Research

How data centers are adapting to a new wave of AI-infused enterprise and HPC workloads—through system design, power and cooling, workload behavior, and more efficient use of infrastructure.

AI Isn't Replacing HPC - it IS HPC

In recent discussions with industry vendor sales and marketing teams, I’ve been hearing that HPC demand is falling while AI system demand continues to increase. I’ve also seen articles implying that AI is displacing HPC.

This just isn’t the case. Period.

AI is a subset of the very broad HPC (High Performance Computing) category of workloads.

First, what is HPC? It’s not an application. It’s a loose term that covers applications and workflows across many domains—from financial services to pharma to manufacturing and more. These are workloads that are demanding enough and important enough to justify significant investment.

Here are some reasons why AI firmly belongs in the HPC category.

Both AI (including machine learning, inference, and generative workloads) and traditional HPC workflows are complex and computationally intensive. Garden-variety systems simply can’t meet the time-to-solution and accuracy requirements these workloads demand.

High-performance infrastructure is critical to both. You could run OpenFOAM or train an LLM on a laptop, but the time to solution would be so long that the results wouldn’t be relevant—or you’ll be retired by the time they are. The complexity of models and the size of datasets would also have to be severely constrained.

There is a constant push for greater accuracy and the ability to solve larger problems.

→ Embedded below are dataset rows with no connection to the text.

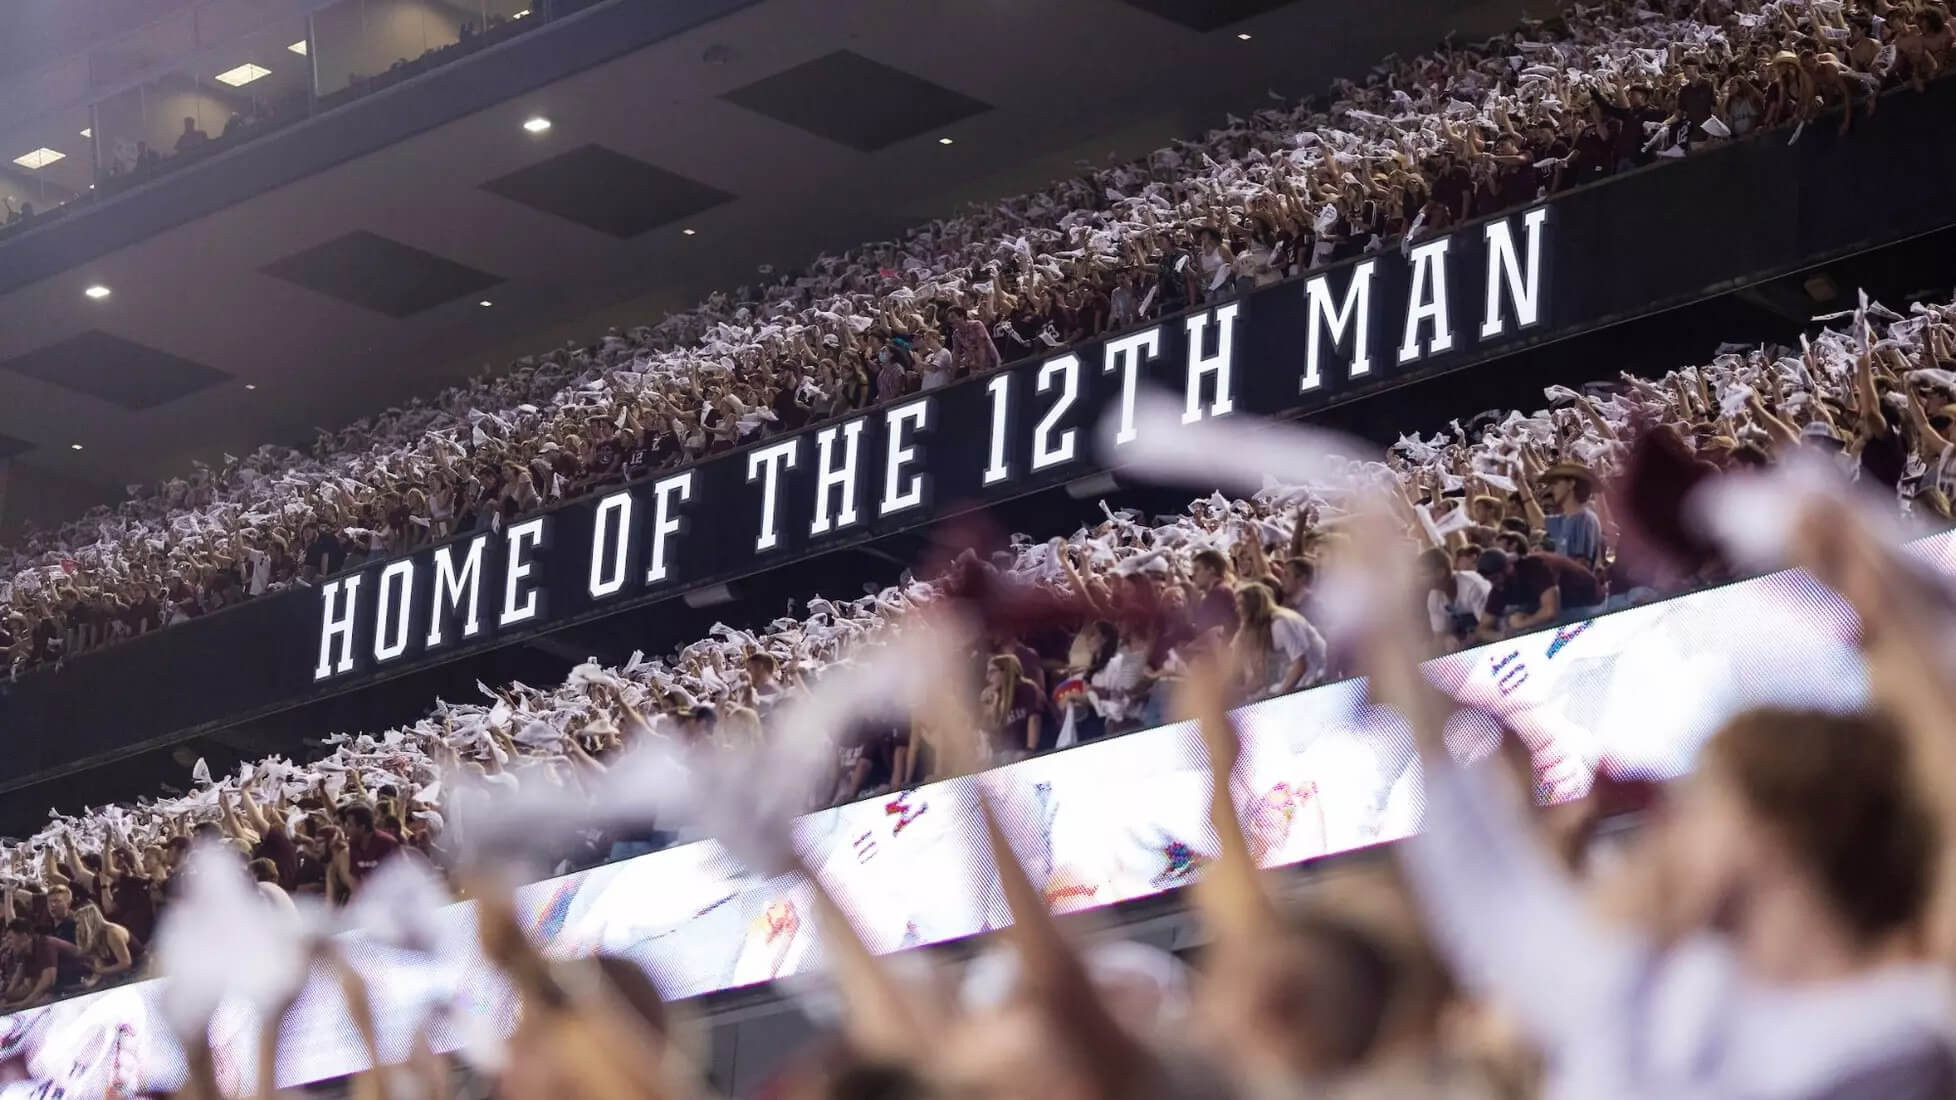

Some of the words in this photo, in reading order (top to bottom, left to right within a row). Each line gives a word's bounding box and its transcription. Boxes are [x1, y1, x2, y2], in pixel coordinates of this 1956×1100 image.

[314, 518, 546, 680] HOME
[590, 472, 694, 597] OF
[748, 400, 930, 550] THE
[984, 304, 1238, 484] 12TH
[1301, 209, 1546, 390] MAN

That means analyzing more compounds in more permutations, adding more data to machine learning models, or pushing model sizes to hundreds of billions of parameters.

Some will argue that AI uses accelerators like GPUs while many HPC applications do not, so they must be different. That’s not a relevant distinction. HPC is not an application—it’s a category. Many HPC applications already use accelerators, and many more will as they become increasingly infused with AI.

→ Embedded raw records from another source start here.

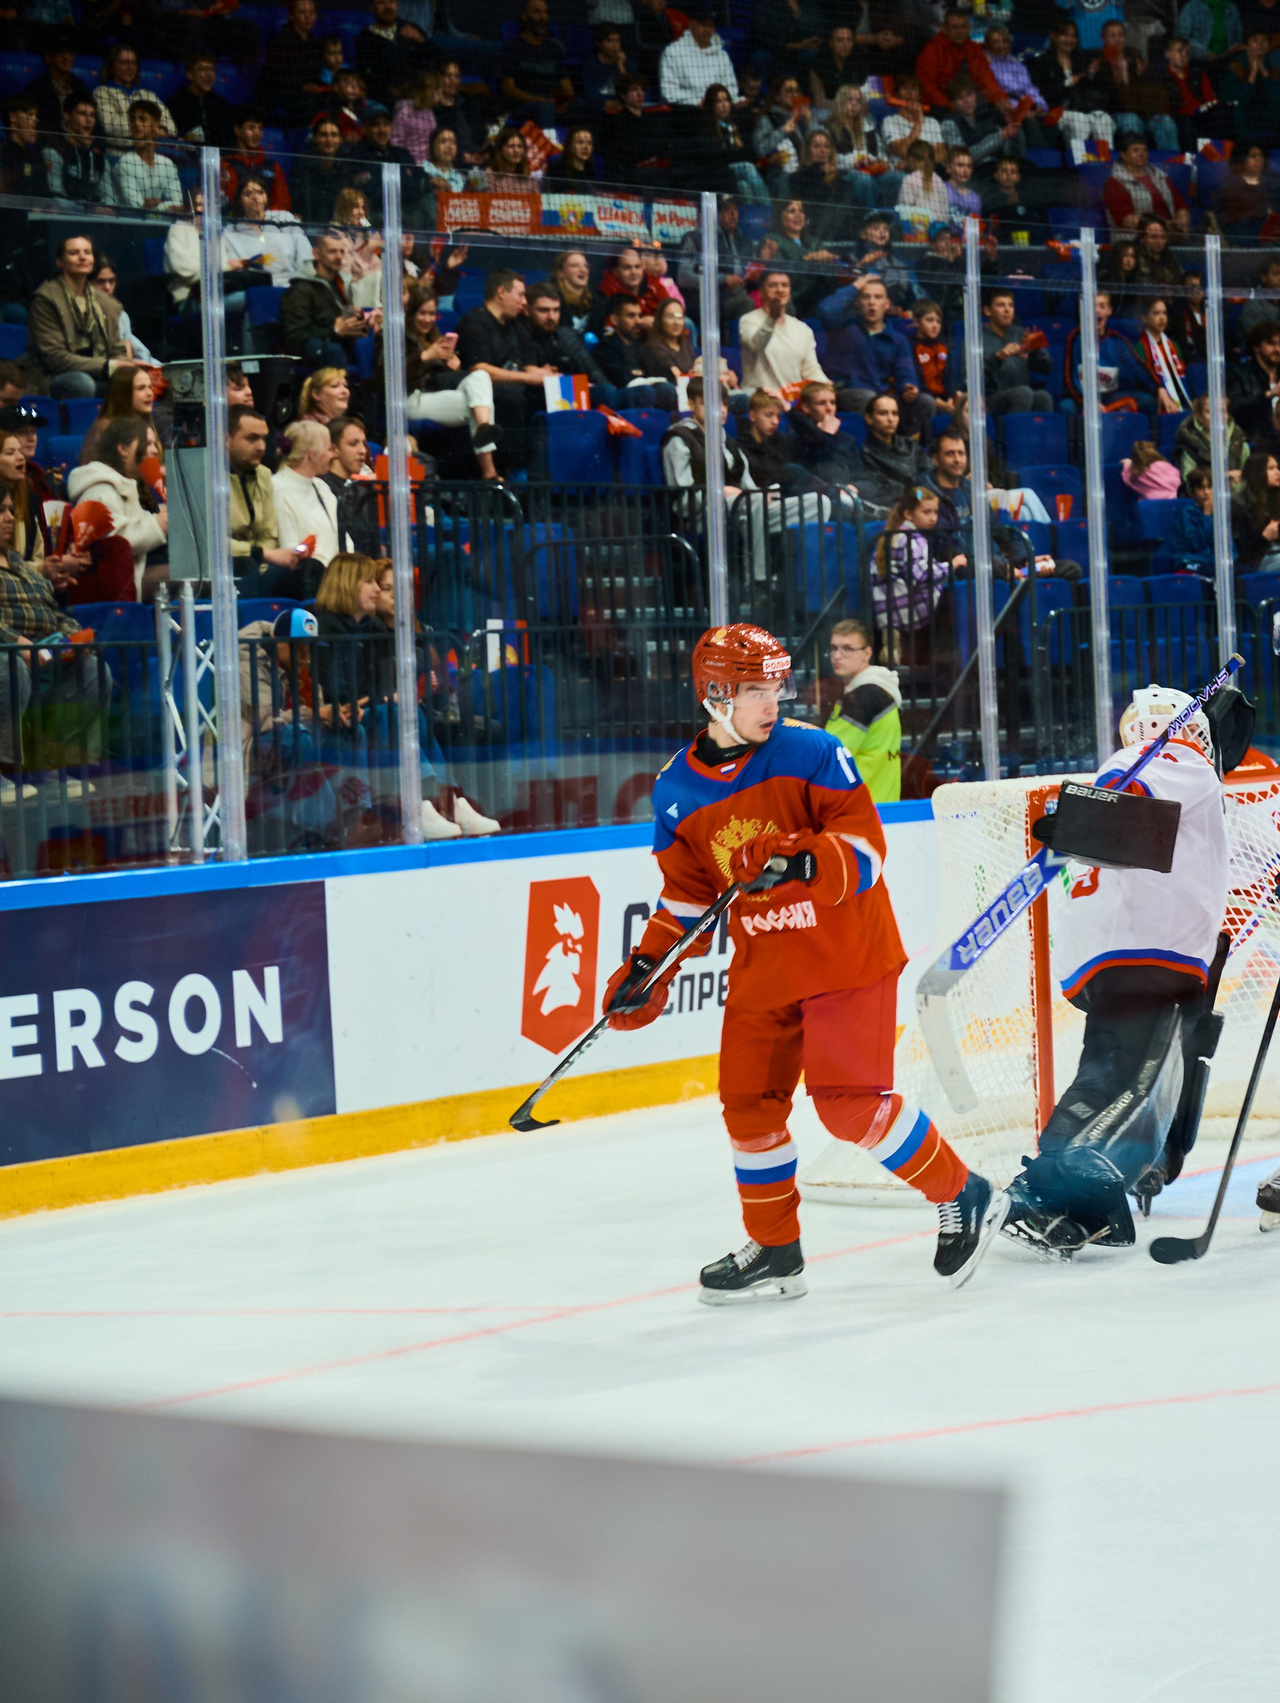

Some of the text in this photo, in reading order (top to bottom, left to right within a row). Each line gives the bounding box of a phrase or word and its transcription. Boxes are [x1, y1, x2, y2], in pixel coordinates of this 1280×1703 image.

[1167, 667, 1229, 740] SHADOW
[1064, 784, 1120, 804] BAUER
[740, 900, 818, 937] РОССИЯ
[956, 862, 1045, 965] BAUER
[0, 965, 284, 1080] ERSON

Just because some AI users don’t think of what they’re doing as HPC doesn’t mean it isn’t. Many HPC users don’t use the term “HPC” either. They call it technical computing or something else entirely. But under the hood, you’ll find HPC-style applications running on HPC-class infrastructure—fast CPUs, accelerators, clustered systems, high-speed interconnects, and MPI—making it all work at scale.

Soon, we won’t even be having this discussion. AI will be folded into most applications and workflows. We’re already seeing this happen in enterprise software and commercial environments.

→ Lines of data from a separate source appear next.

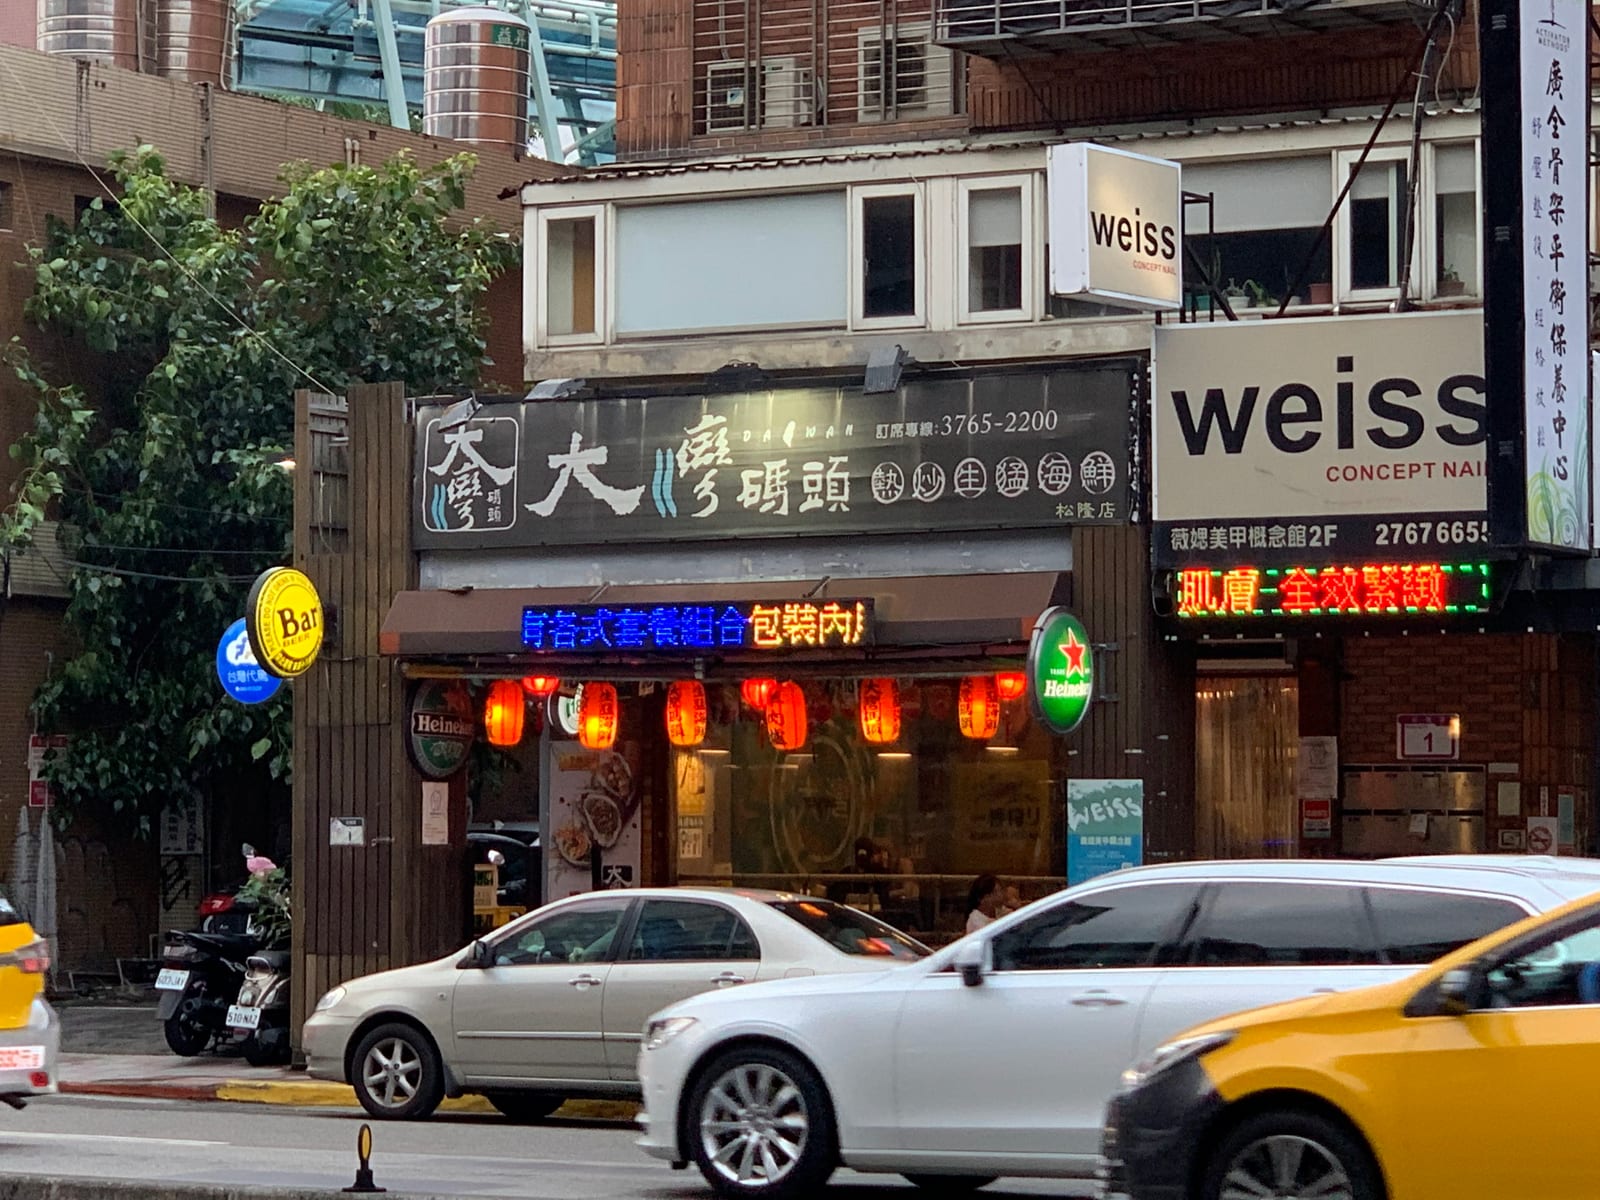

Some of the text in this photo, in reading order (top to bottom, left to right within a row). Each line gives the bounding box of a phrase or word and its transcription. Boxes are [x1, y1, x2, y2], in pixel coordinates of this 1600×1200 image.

[1091, 207, 1175, 260] weiss
[1133, 259, 1161, 271] CONCEPT
[1171, 356, 1487, 455] weiss
[871, 451, 1116, 504] 熱炒生猛海鮮
[1326, 460, 1487, 482] CONCEPT NAI
[1055, 502, 1117, 520] 松隆店
[277, 607, 318, 640] Bar
[1423, 731, 1433, 752] 1

Drug discovery, fusion research, materials science, and manufacturing are all traditional HPC domains—and all are being augmented with AI. At the same time, entirely new areas are emerging that require HPC-class infrastructure: personalized healthcare analytics, optimized agriculture, improved manufacturing efficiency, cybersecurity, and more.

Industry analysts (myself included) like to talk about spending and market size. But trying to separate “AI spending” from “HPC spending” today is mostly guesswork—an exercise in interpreting financial disclosures, press releases, and a fair amount of speculation.

AI Augments HPC — It Doesn’t Replace It

All of the work we’re doing today will continue—whether it’s modeling molecules, designing aircraft, or improving weather prediction.

But new workloads are emerging as well. Determining the optimal price for a flight, for example, isn’t traditional HPC—but it is AI, and it still requires high-performance infrastructure to meet accuracy and time-to-solution requirements.

The industry supporting HPC isn’t shrinking—it’s expanding. AI and AI-infused HPC have fundamentally similar requirements. As a result, data centers are being forced to rethink their infrastructure to support these new workloads at scale—and at a cost that doesn’t break the bank.

The real question isn’t whether AI is replacing HPC.

It’s how data centers are going to adapt to this shift.